Idec: Proposta do Inmetro mantêm eficiência de geladeiras abaixo da média mundial

Caso a consulta pública seja implementada, brasileiros terão perda de R$ 52 bilhões até 2030 com gasto extra de energia

A proposta de revisão das regras do Programa Brasileiro de Etiquetagem (PBE) das geladeiras e freezers colocada em consulta pública pelo Instituto Nacional de Metrologia, Qualidade e Tecnologia (Inmetro) mantém os aparelhos usados no Brasil com níveis muito inferiores aos verificados na maioria dos países do mundo. A política de etiquetagem é essencial para que o consumidor compare e diferencie os equipamentos mais eficientes.

Caso essa proposta seja implementada, o Brasil poderá levar mais cinco anos para alcançar padrões que já são regra nos países mais desenvolvidos — a um custo para os brasileiros da ordem de R$ 52 bilhões até 2030, segundo cálculos das ONGs CLASP e International Energy Initiative – IEI Brasil para a Rede Kigali.

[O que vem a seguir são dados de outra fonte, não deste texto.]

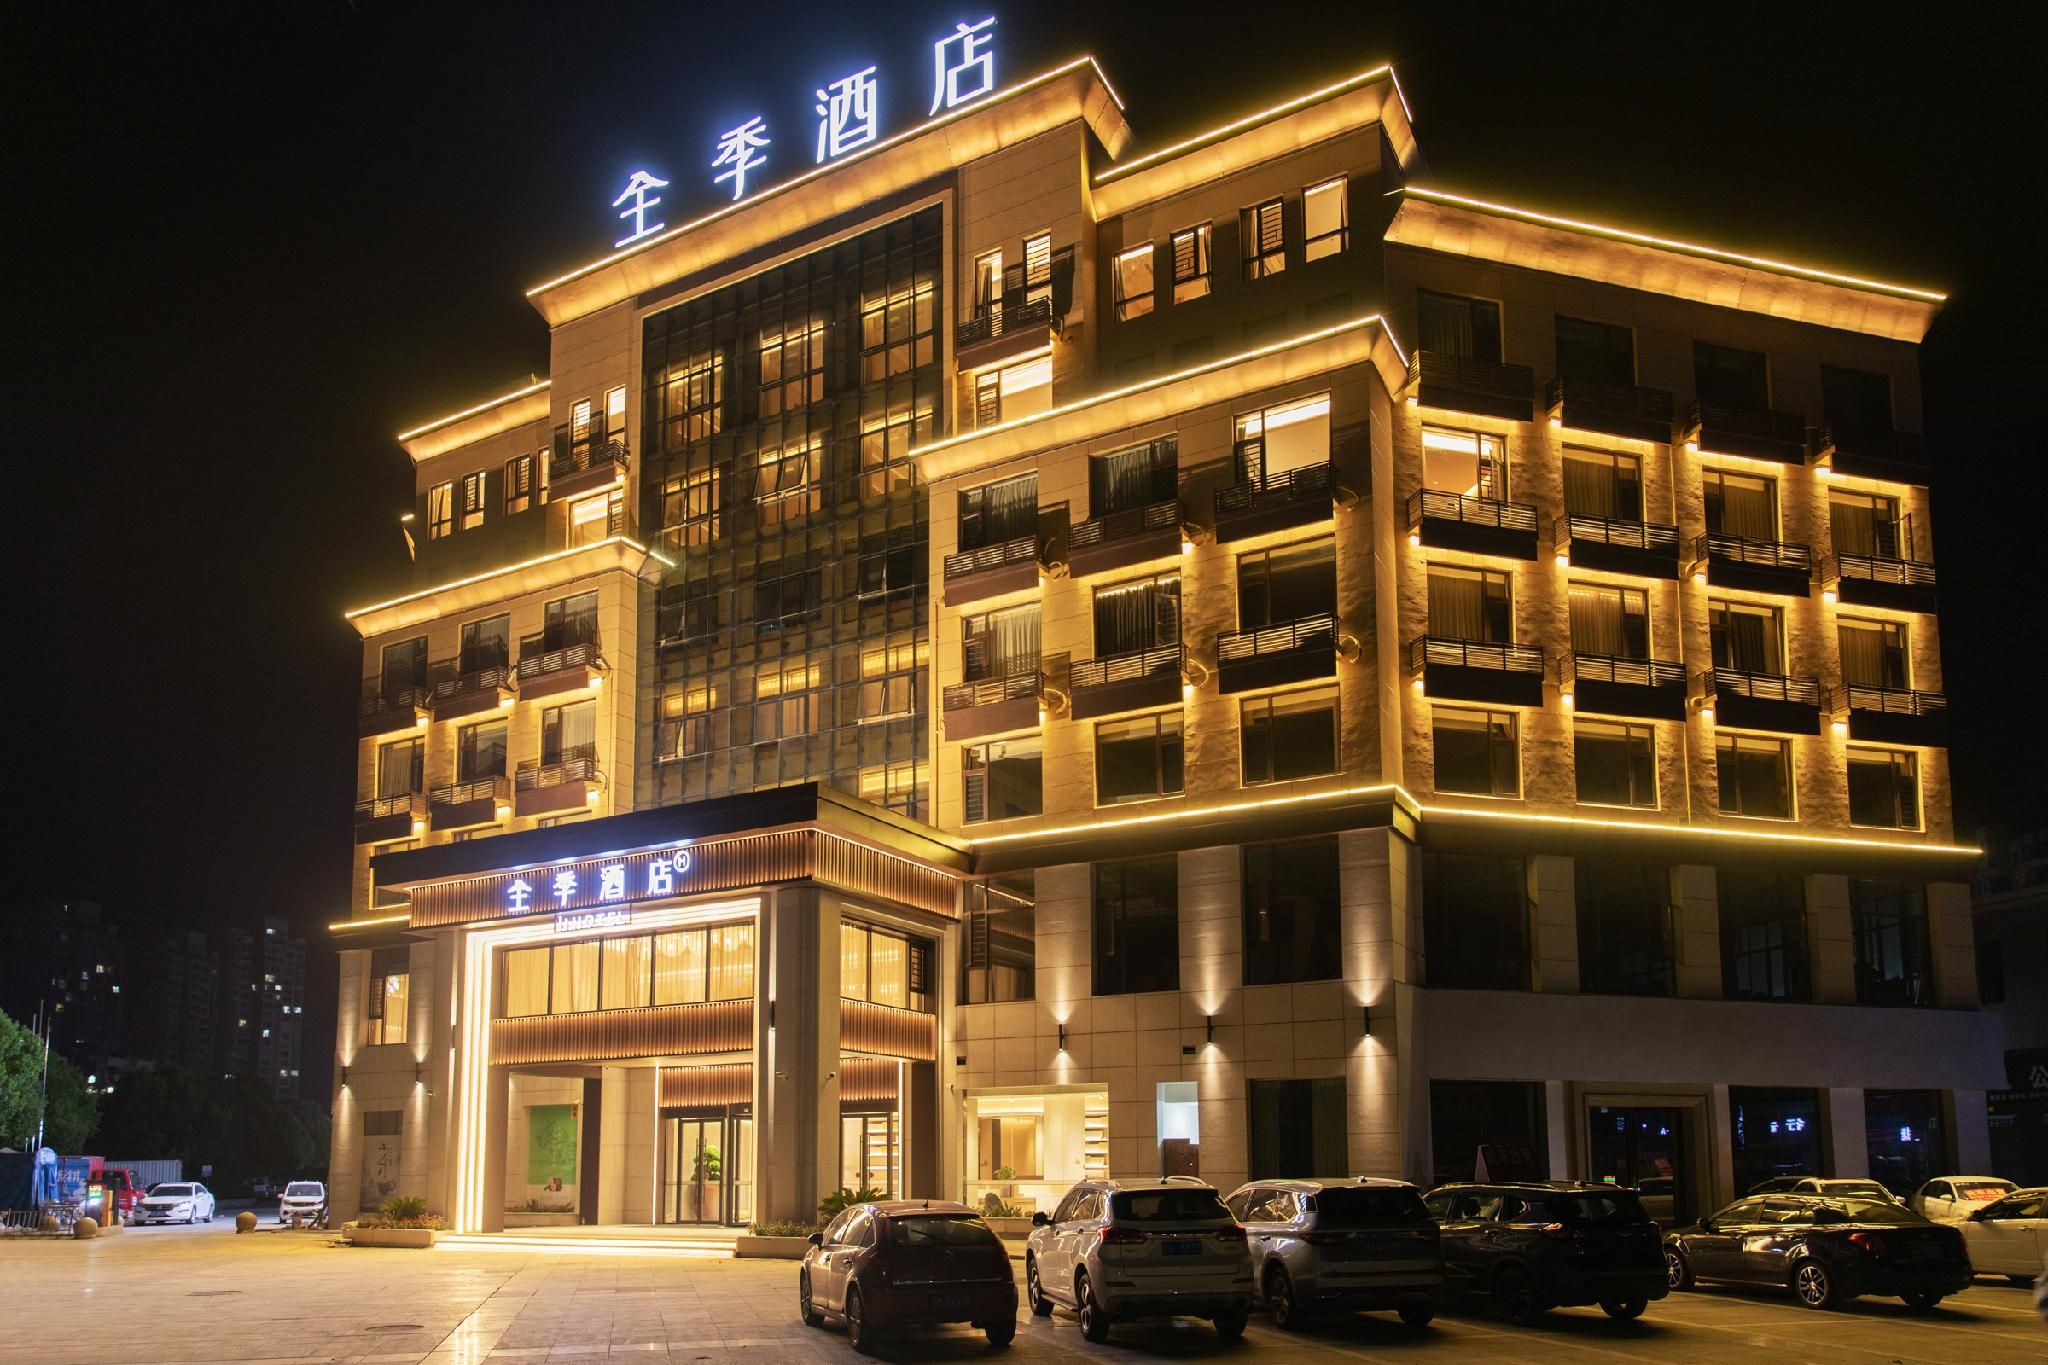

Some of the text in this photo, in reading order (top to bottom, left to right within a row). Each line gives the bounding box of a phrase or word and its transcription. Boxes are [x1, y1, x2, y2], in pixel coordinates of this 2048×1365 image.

[613, 16, 997, 247] 全季酒店
[507, 858, 672, 912] 全季酒店

“Se o novo sistema for adotado, em 2026 a nova classe A será um refrigerador que hoje já não poderia ser vendido na Índia, México e Quênia e, em 2025, provavelmente não poderá ser vendido em lugar nenhum do mundo que não seja o Brasil”, alerta Clauber Leite, coordenador do Programa de Energia e Sustentabilidade do Idec, referindo-se à classificação dos equipamentos por letras conforme seu nível de eficiência energética.

Falta de atualização
O Idec também vê com preocupação a demora para a atualização do programa, cujas regras são as mesmas desde 2006. “A demora lotou o mercado de refrigeradores com notas “A” que, na prática, são falsas. Isso engana o consumidor, que ao comprar o equipamento acredita estar levando pra casa o refrigerador mais eficiente disponível”, diz Leite.

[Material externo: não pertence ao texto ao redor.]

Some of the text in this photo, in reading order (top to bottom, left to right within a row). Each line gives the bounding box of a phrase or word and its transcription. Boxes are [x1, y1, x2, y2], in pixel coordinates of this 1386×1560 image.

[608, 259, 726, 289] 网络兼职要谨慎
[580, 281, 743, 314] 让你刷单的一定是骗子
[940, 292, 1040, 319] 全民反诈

A falta de revisão da etiqueta também distorceu a política tributária do segmento. Desde 2009, as geladeiras mais eficientes (que se enquadram na categoria “A” do PBE) têm redução do imposto de produtos industrializados (IPI), atualmente de 33%. “Essa renúncia fiscal estava atrelada a um compromisso com a oferta de produtos eficientes no mercado brasileiro, o que não está acontecendo”, completa o especialista do Idec.